Se dessine ainsi en creux le profil d’une aide humanitaire largement étatisée, faisant l’objet d’accords de coopération régionale, délaissant les instances multilatérales, répondant à des impératifs diplomatiques et stratégiques. Ce qui n’est pas sans contradiction de la part de pays qui reprochent justement aux institutions multilatérales de poursuivre des visées politiques. Pour s’éviter ce genre de critiques, les nouveaux donateurs préfèrent secourir les victimes d’un typhon que celles d’un conflit ethnique, aussi meurtrier soit-il. Aider un gouvernement qui fait face à une catastrophe naturelle permet de renforcer son image sur la scène internationale tout en restant compatible avec les principes de souveraineté et de non-ingérence, avancés par les pays émergents eux-mêmes lorsqu’ils sont mis en cause, au Tibet par exemple. Une aide qui n’est pas plus efficace. Si les fonds répondent à des besoins concrets (alimentation, habitat), les centaines de petites catastrophes oubliées - la majorité des crises - le sont toujours autant. Une aide qui n’est pas plus transparente.
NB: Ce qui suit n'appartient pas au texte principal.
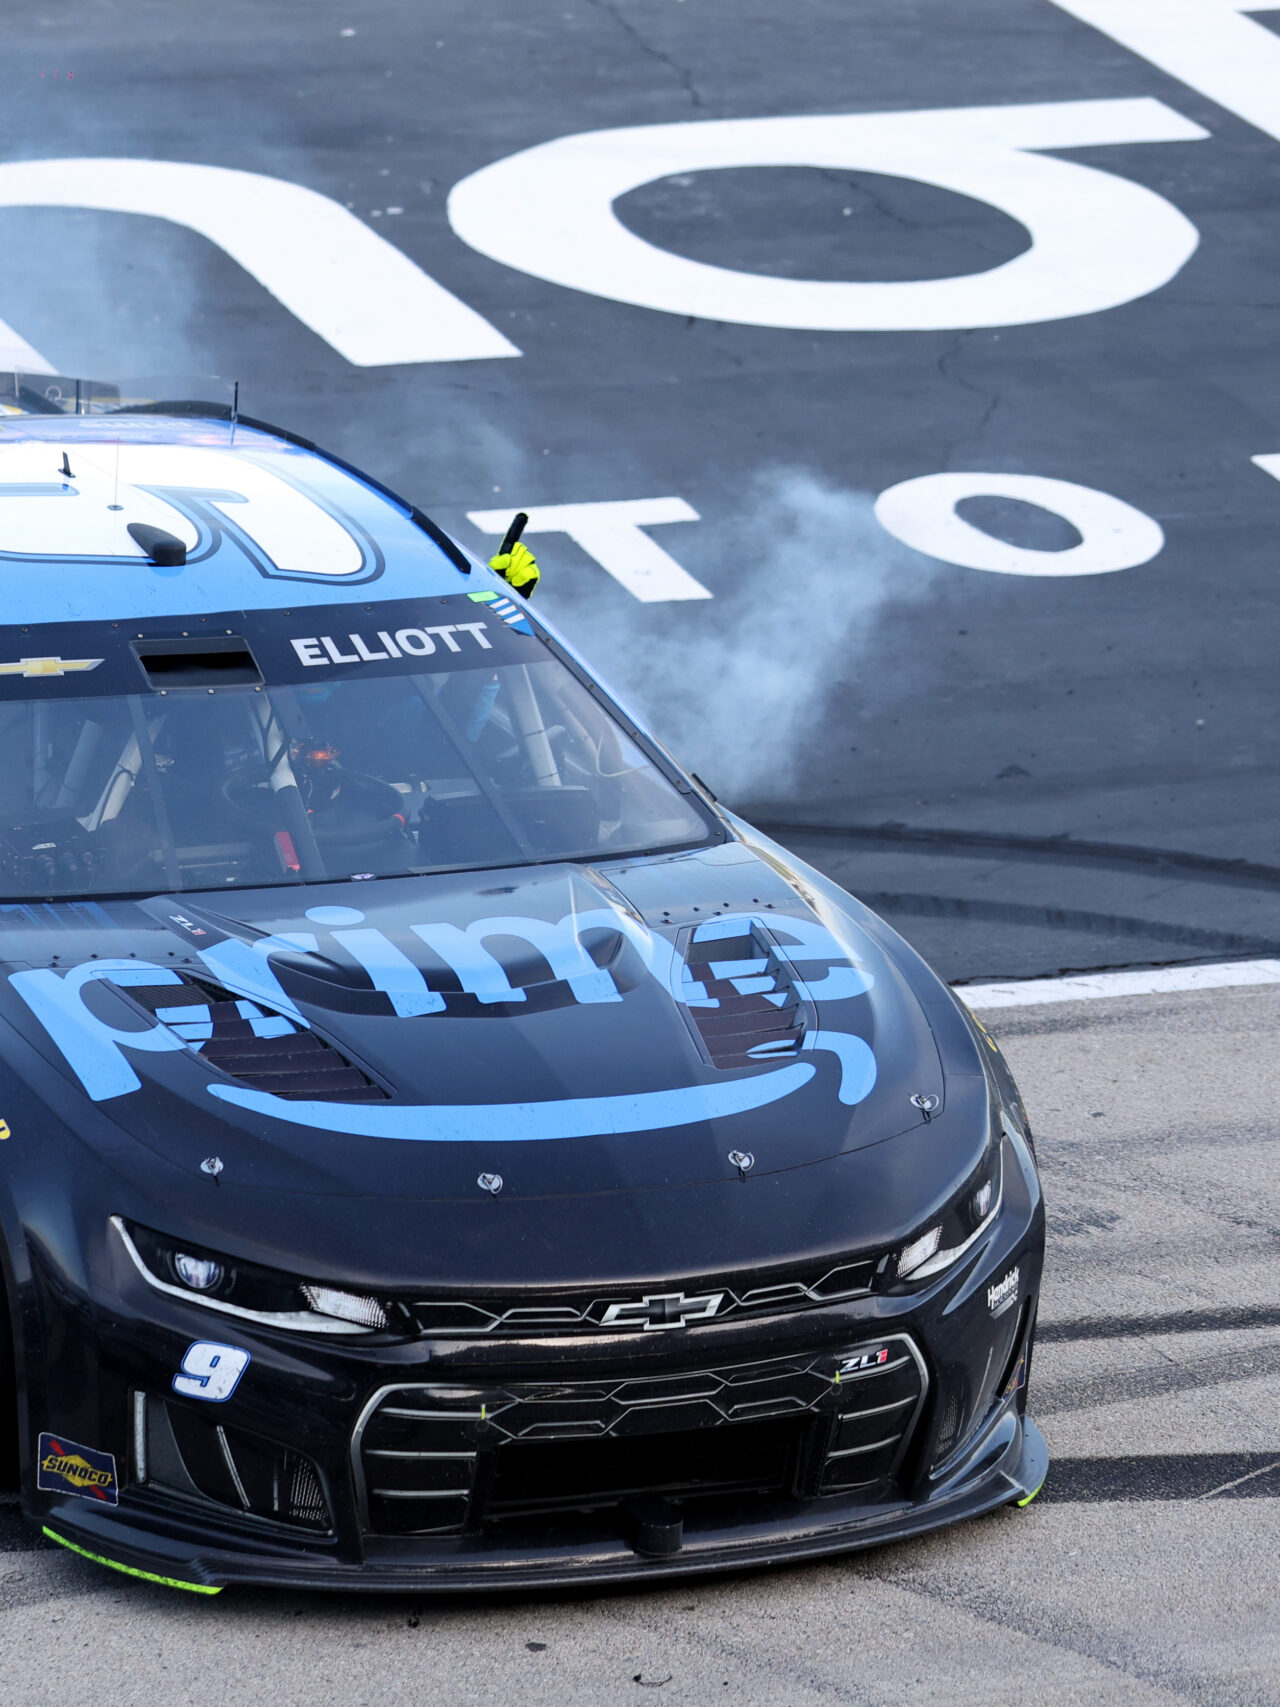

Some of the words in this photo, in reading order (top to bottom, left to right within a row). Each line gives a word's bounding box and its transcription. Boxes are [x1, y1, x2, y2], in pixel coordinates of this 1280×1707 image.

[290, 621, 493, 667] ELLIOTT
[7, 905, 876, 1103] prime
[987, 1266, 1020, 1310] Hendrick
[172, 1340, 252, 1403] 9
[839, 1348, 889, 1374] ZL1
[43, 1456, 112, 1487] SUNOCO
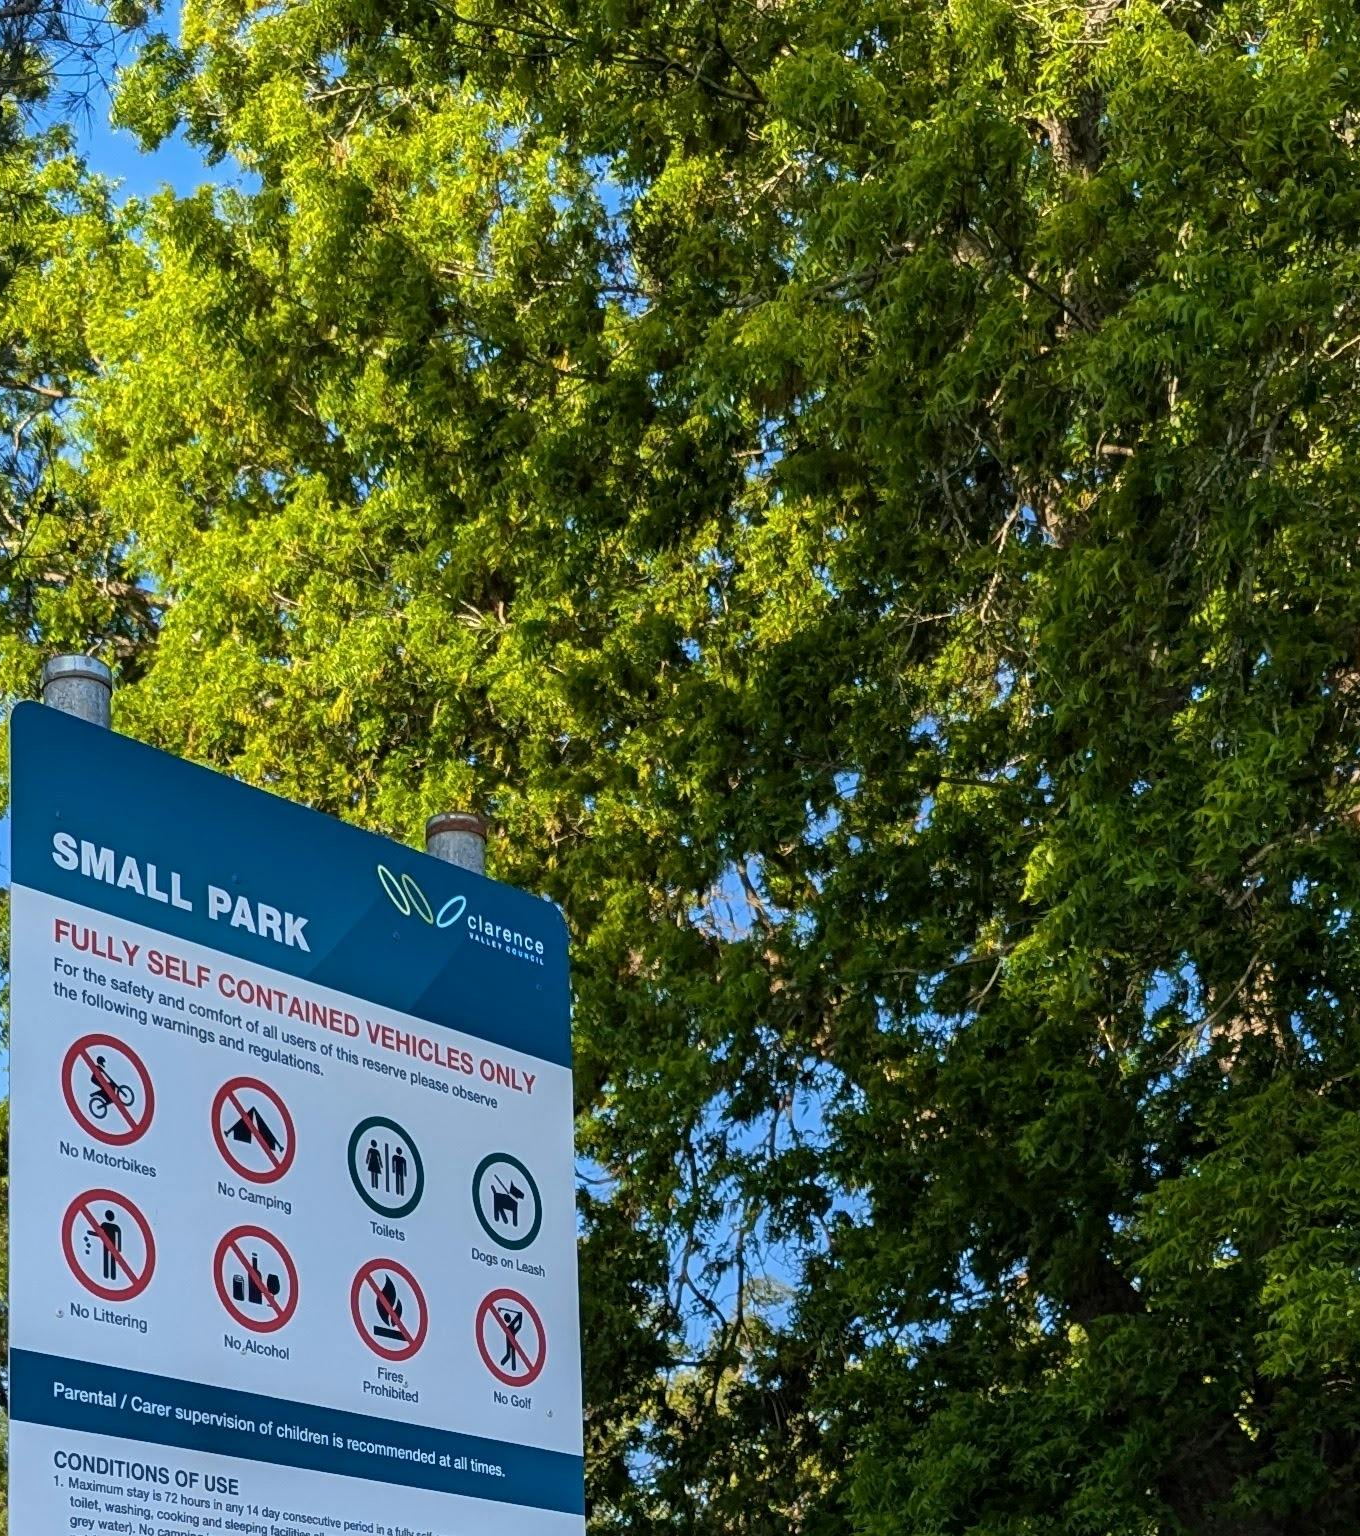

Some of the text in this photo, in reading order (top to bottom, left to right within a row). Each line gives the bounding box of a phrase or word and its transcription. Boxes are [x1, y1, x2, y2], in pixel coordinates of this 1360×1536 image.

[51, 832, 311, 953] SMALL PARK
[467, 914, 544, 955] clarence
[54, 918, 536, 1095] FULLY SELF CONTAINED VEHICLES ONLY
[53, 981, 324, 1076] the following warnings and regulations.
[54, 956, 498, 1109] For the safety and comfort of all users of this reserve please observe
[59, 1140, 157, 1178] No Motorbikes
[217, 1181, 292, 1215] No Camping
[369, 1220, 406, 1242] Toilets
[471, 1247, 546, 1278] Dogs on Leash
[70, 1302, 148, 1334] No Littering
[224, 1334, 289, 1360] No Alcohol
[363, 1380, 419, 1403] Prohibited
[377, 1366, 403, 1384] Fires
[493, 1390, 532, 1410] No Golf
[53, 1381, 506, 1478] Parental / Carer supervision of children is recommended at all times.
[53, 1450, 239, 1496] CONDITIONS OF USE
[53, 1474, 244, 1517] 1. Maximum stay is 72 hours in any
Il est souvent difficile de faire la distinction entre ce qui relève du soutien désintéressé et de l’investissement économique.

Zoom ONG du Nord et du Sud : partenariat ou sous-traitance ?

Finie la perfusion humanitaire ne venant que du Nord, Echo, le bailleur de fonds de la Commission européenne, ne souhaite financer que des projets menés conjointement entre une ONG du Nord et une ONG du Sud. Voilà donc les ONG dépendantes de l’argent public, comme Médecins du Monde (MDM), contraintes de revoir leur logiciel : moins d’action, plus de conseil. Problème : "Nos rapports sont biaisés. Nous, nous avons l’argent, les connaissances logistiques et techniques, les partenaires locaux ont la connaissance du terrain et des besoins. Mais nous essayons de rééquilibrer cette relation en co-élaborant sur place une stratégie commune", explique Gilbert Potier, le responsable des opérations internationales de MDM. De son côté, Médecins sans frontières, vivant de dons privés et donc plus libre de ses mouvements, a favorisé la création d’une nouvelle entité, Alima, qui se veut un "incubateur d’ONG", fournissant aide logistique et expertise à des associations locales. Encouragés de toute part, pour ne pas dire devenus une condition du déblocage des financements, la réalité des partenariats entre ONG du Nord et ONG du Sud est encore contrastée. Interrogés 1, les partenaires locaux de 25 ONG européennes et américaines leur reprochent de ne pas leur laisser de marge de manoeuvre budgétaire, de ne pas suffisamment prendre en compte leur retour d’expérience, voire plus rarement d’avoir tendance à partir sans donner la moindre explication. Mais ils reconnaissent un indéniable apport en termes de communication et de levées de fonds. "Les partenariats sont constructifs quand les ONG du Nord ne considèrent pas leur partenaire comme de simple sous-traitant et que les décisions sont prises conjointement, d’égal à égal", conclut l’étude. Signifiant là que ce n’est pas une évidence pour tout le monde.

  • 1. Les partenariats entre ONG , étude réalisée par Keystone, 2011.

Résultat, anciens et nouveaux donateurs se regardent en chiens de faïence, s’accusant mutuellement de détourner l’esprit de l’aide humanitaire pour servir des intérêts particuliers. Afin d’éviter la paralysie meurtrière d’un système institutionnel déjà complexe et l’adapter à la réalité d’un monde multipolaire, la Suède s’est déclarée prête à jouer les médiatrices. Au sein des agences de l’ONU aussi, le dialogue a été entamé. Donnant du grain à moudre aux partisans de la "désoccidentalisation du système humanitaire" (lire p. 62). Avec les tempêtes et les migrations massives qu’annonce le dérèglement climatique, mieux vaudrait en effet que le monde la joue collectif.

  • 1. L’état du système humanitaire, Alnap, 2012.